CrowdStrike Falcon Room for Improvement

Mark Krishnan
Associate Director - Infrastructure Engineering at AFT
If an operating system is stopped by support by the original vendor like Microsoft, or maybe Apple, within a few weeks, CrowdStrike will also decide they no longer support it, and they kind of move on. I understand their model. However, if we still have the OS, it's hard to keep it protected. So, for example, if Microsoft decides to stop supporting or patching a solution, Crowdstrike too will stop supporting it and making updates. It's still a useable product, it's just not getting updates or patches and therefore may be vulnerable. The result is that we can't guarantee we're going to be able to protect that hardware or operating system.

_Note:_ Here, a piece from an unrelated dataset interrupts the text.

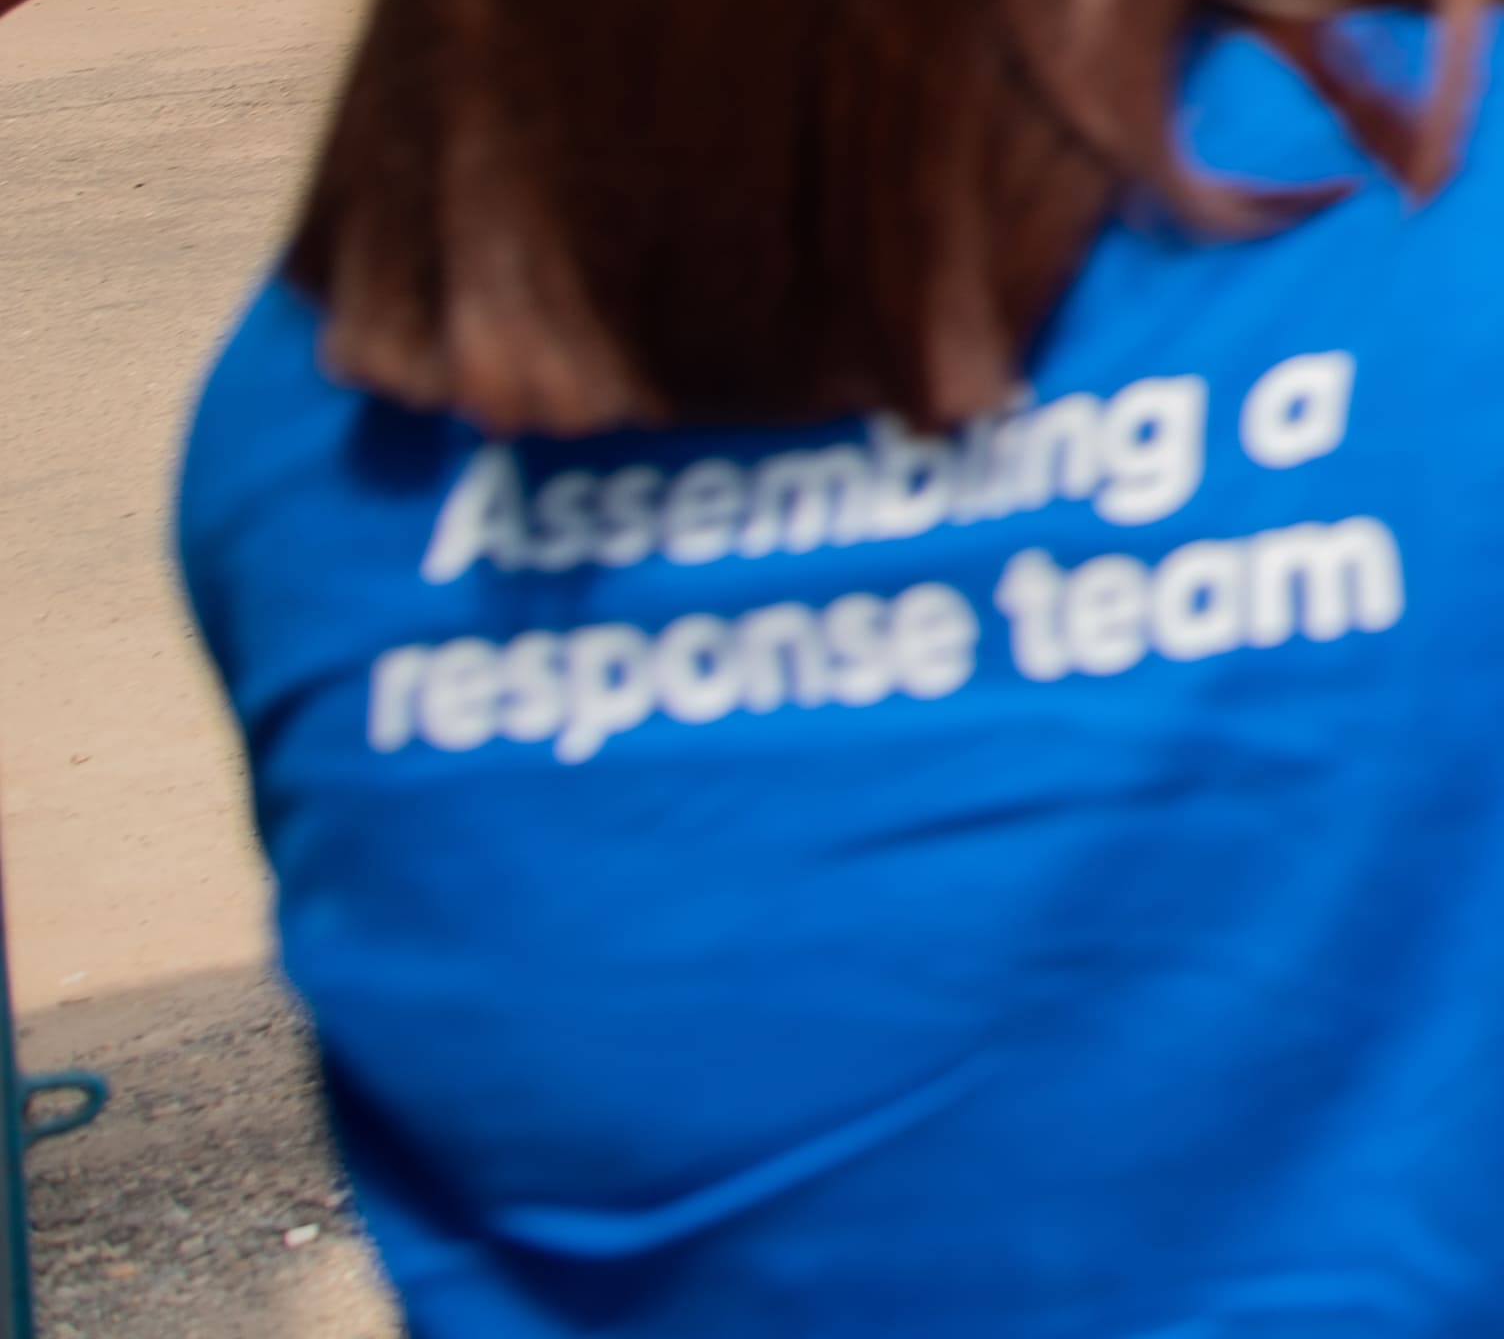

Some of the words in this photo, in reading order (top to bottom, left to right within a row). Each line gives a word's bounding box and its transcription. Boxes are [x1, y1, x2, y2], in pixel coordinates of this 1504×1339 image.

We either have to upgrade to a newer platform, which sometimes is not possible because you have a legacy application. Whatever that constraint is, sometimes we're not able to move things. We still have to rely on other products to support that. That's the only quandary I have with them. Basically, they don't cover legacy OS or applications. That's the only issue we're concerned about. When a file is infected or it detects a ransomware file network, when it does remediate, it should self-heal as Sophos does. That's a good feature to have, but I don't know enough pros and cons about that to kind of recommend that because if it is a false positive, that may be a problem. If it detected a valid file and if for some reason it decides, "Oh, this looks like an infection," and maybe it's not actually infected, and if it goes in and remediates it by replacing it with an older file, that may be a problem. However, I don't know, because I've never used that feature or heard anybody say that's a problem. View full review »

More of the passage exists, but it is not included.